Any contractual clause that violates these requirements may be deemed invalid. If your current supplier agreements contain blanket sustainability data obligations without distinguishing what falls within versus above the cap, those clauses have a legal problem once member states transpose.
The Two-Tier Protection Mechanism
The cap is not uniform across all protected undertakings. The Commission’s voluntary standard uses two modules: a basic module designed for the smallest entities (micro-undertakings) and a comprehensive module that builds on the basic one. Application of the basic module is a prerequisite for applying the comprehensive module. Each disclosure in the standard is classified into one of four categories:
- “Necessary” disclosures that a company applying the standard must report
- “Necessary if applicable” disclosures that apply only under certain conditions
- “Voluntary” disclosures the company may choose to report
- “Consideration when reporting sector information” for sector-specific items
The value chain cap equals only the “necessary” disclosures in both the basic and comprehensive modules. CSRD companies cannot require protected undertakings to provide anything beyond those “necessary” items.

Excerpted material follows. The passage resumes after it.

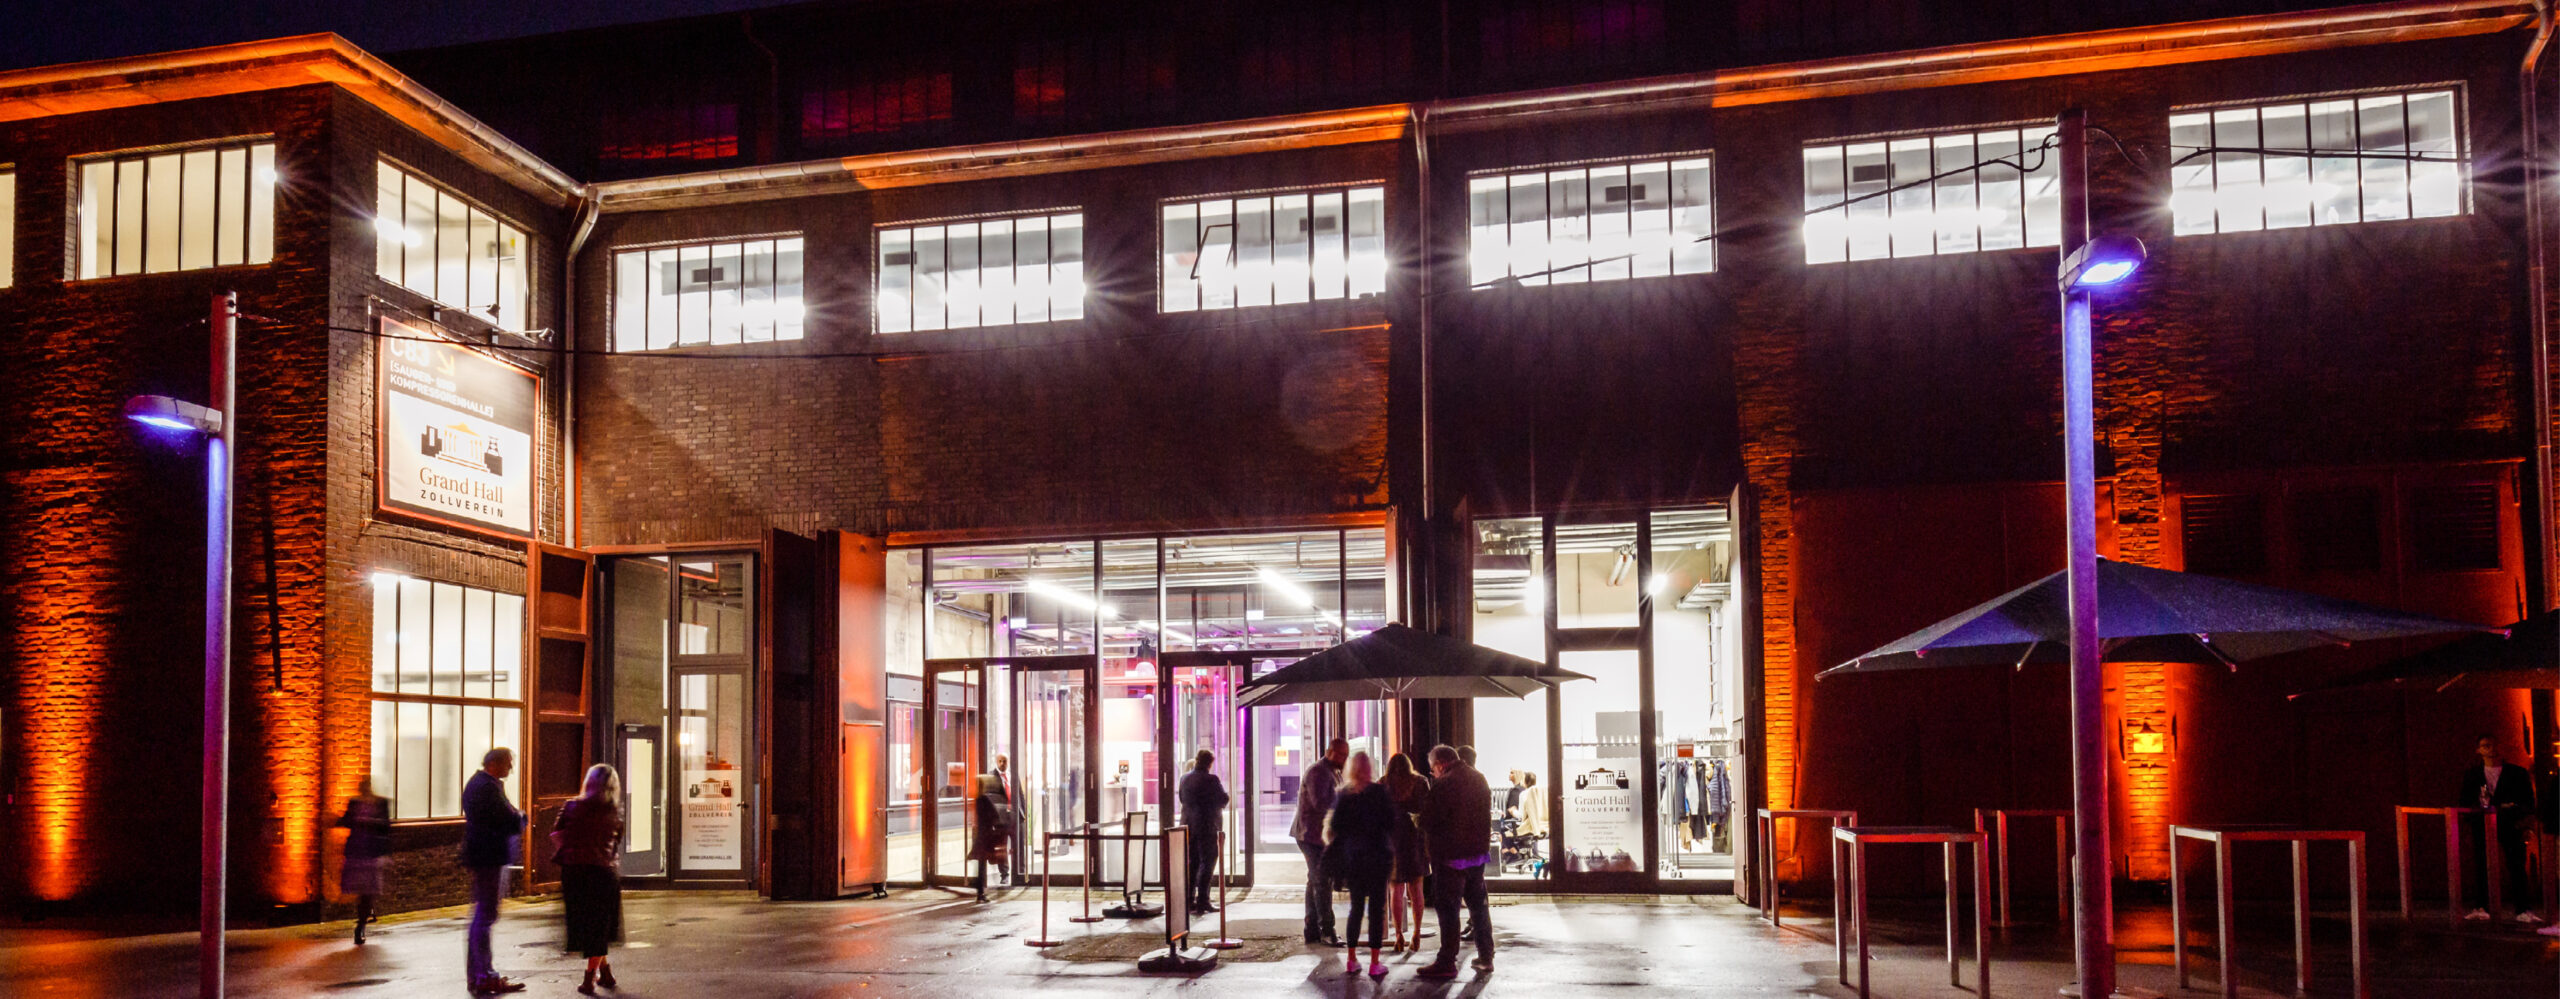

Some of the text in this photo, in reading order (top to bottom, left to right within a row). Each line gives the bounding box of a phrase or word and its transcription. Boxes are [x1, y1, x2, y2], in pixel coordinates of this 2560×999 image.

[420, 466, 503, 504] Grand Hall
[420, 489, 503, 518] ZOLLVEREIN
[689, 802, 731, 811] Grand Hall
[1574, 795, 1630, 805] Grand Hall

Here is where the two tiers emerge. For companies with 11 to 1,000 employees, the full set of “necessary” disclosures from both modules applies. For companies with 10 employees or fewer (micro-undertakings), some disclosures that are “necessary” for larger companies are downgraded to “voluntary.” The effect is a narrower cap for micro-undertakings. They enjoy extra protection.
Annex II of the voluntary standard delegated act (currently out for public feedback via the Have Your Say portal) summarises exactly which disclosures fall inside the cap for each tier. If your value chain includes a mix of micro-undertakings and mid-size suppliers, you need two versions of your data request template.

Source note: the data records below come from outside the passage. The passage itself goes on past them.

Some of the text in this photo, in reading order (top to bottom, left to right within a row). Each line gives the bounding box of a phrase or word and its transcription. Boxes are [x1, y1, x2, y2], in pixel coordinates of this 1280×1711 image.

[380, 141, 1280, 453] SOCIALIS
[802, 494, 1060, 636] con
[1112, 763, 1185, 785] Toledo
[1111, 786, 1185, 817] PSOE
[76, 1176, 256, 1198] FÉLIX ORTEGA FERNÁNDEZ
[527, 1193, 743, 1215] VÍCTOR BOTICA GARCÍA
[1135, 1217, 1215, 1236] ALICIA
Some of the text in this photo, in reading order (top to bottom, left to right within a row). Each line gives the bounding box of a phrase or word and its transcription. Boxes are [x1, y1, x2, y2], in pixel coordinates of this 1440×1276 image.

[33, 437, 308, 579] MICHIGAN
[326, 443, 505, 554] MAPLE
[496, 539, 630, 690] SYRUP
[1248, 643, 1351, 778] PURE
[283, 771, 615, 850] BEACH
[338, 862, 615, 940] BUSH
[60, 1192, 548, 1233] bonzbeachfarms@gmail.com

How to Identify Protected Undertakings
Before you can apply the cap, you need to know which entities qualify. The Directive allows reporting undertakings to rely on a self-declaration from value chain companies. You do not need to verify it unless you know, or can reasonably be expected to know, that the declaration is manifestly incorrect.
Operationally, this means adding a simple question to your onboarding or annual data collection: “Does your company employ more than 1,000 people?” If the answer is no, the cap applies. You do not need headcount evidence or payroll verification unless something is obviously wrong.
I anticipate most teams will build this into their supplier portals or ESG questionnaire preambles. The operational cost is low. The legal risk of not doing it, once transposition happens, is that your data requirements become unenforceable and your contractual clauses void.
What Changes for Data Requests to Suppliers
The most common mistake I see in current CSRD implementation projects is the “maximum extraction” approach. Teams send comprehensive questionnaires to every supplier, asking for everything they might conceivably need for double materiality or ESRS topical disclosures.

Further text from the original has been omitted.